Страница:
36 из 59
Но - никогда ему не было хорошо, никогда и нигде, я уверен: ни "в книгах премудрости", ни "на хребте коня", ни "на груди женщины" он не испытывал полностью наслаждений "земного рая". Он слишком рассудочен для этого и слишком знает жизнь, людей. Вот еще его слова:
"Халиф Абдурахман имел в жизни четырнадцать счастливых дней, а я, наверное, не имел столько. И всё оттого, что никогда не жил - не умею жить - для себя, для души, а живу напоказ, для людей".
А. П. Чехов сказал мне, уходя от него: "Не верю я, что он не был счастлив". А я - верю. Не был. Но - неправда, что он жил "напоказ". Да, он отдавал людям, как нищим, лишнее свое; ему нравилось заставлять их, вообще - "заставлять" читать, гулять, есть только овощи, любить мужика и верить в непогрешимость рассудочно-религиозных домыслов Льва Толстого. Надо сунуть людям что-нибудь, что или удовлетворит, или займет их,- и ушли бы они прочь! Оставили бы человека в привычном, мучительном, а иногда и уютном одиночестве пред бездонным омутом вопроса о "главном".

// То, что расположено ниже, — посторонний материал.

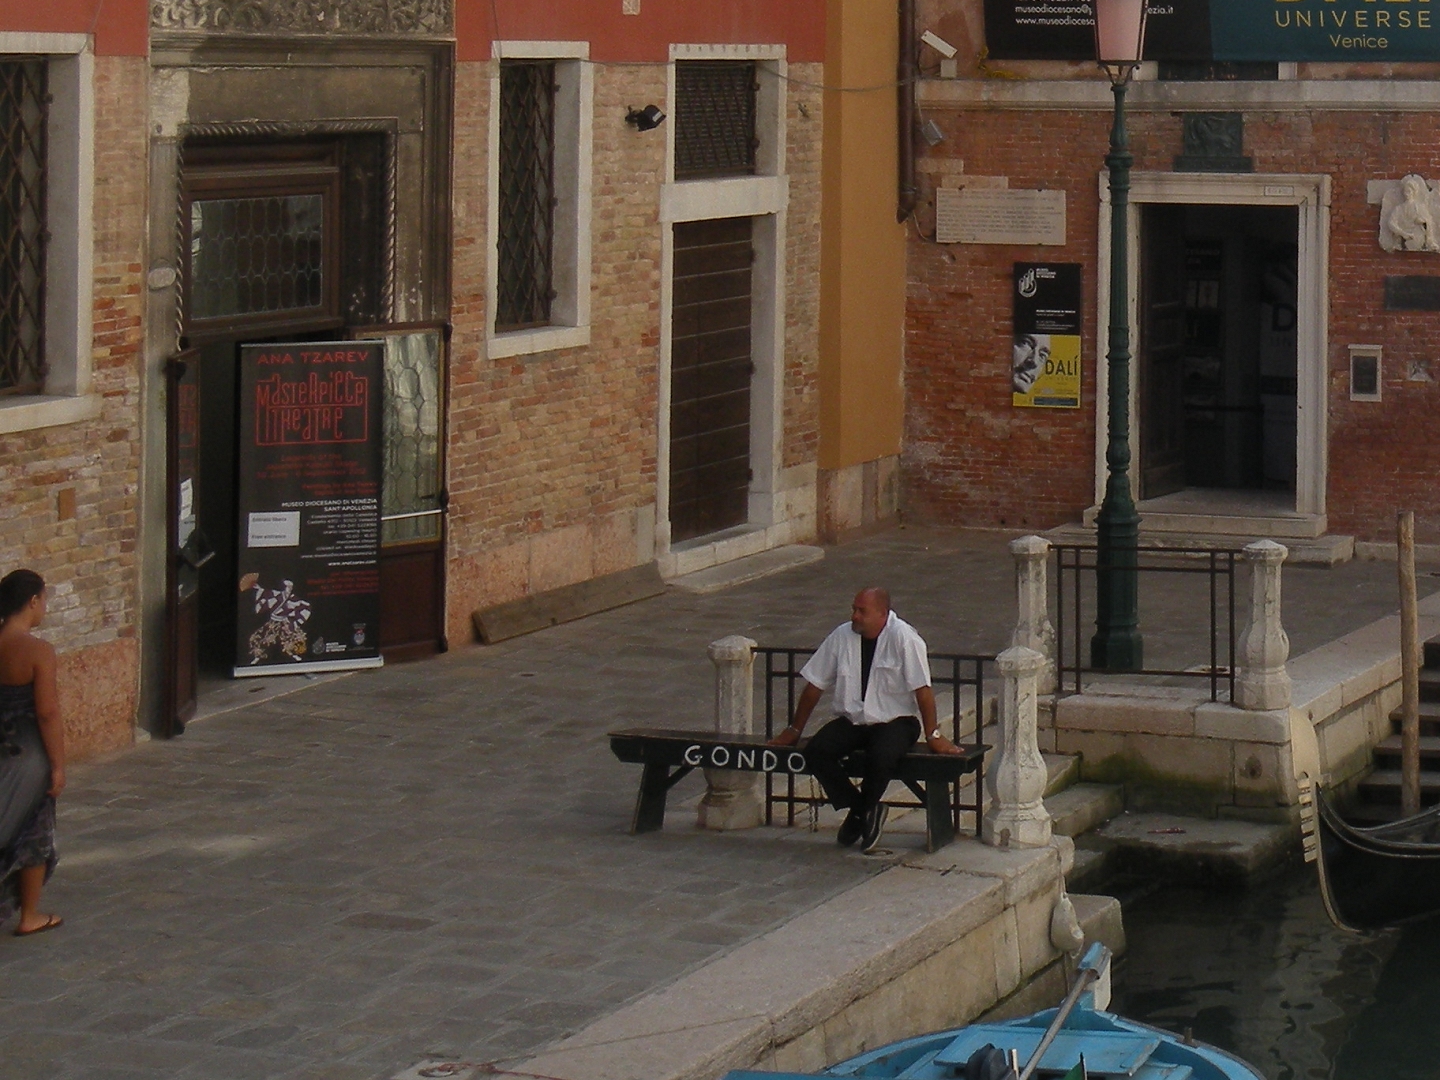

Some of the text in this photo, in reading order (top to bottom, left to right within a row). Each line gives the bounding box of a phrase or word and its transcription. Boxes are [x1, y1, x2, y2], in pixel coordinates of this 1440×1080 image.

Все русские проповедники, за исключением Аввакума и, может быть, Тихона Задонского,- люди холодные, ибо верою живой и действенной не обладали. Когда я писал Луку в "На дне", я хотел изобразить вот именно этакого старичка: его интересуют "всякие ответы", но не люди; неизбежно сталкиваясь с ними, он их утешает, но только для того, чтоб они не мешали ему жить.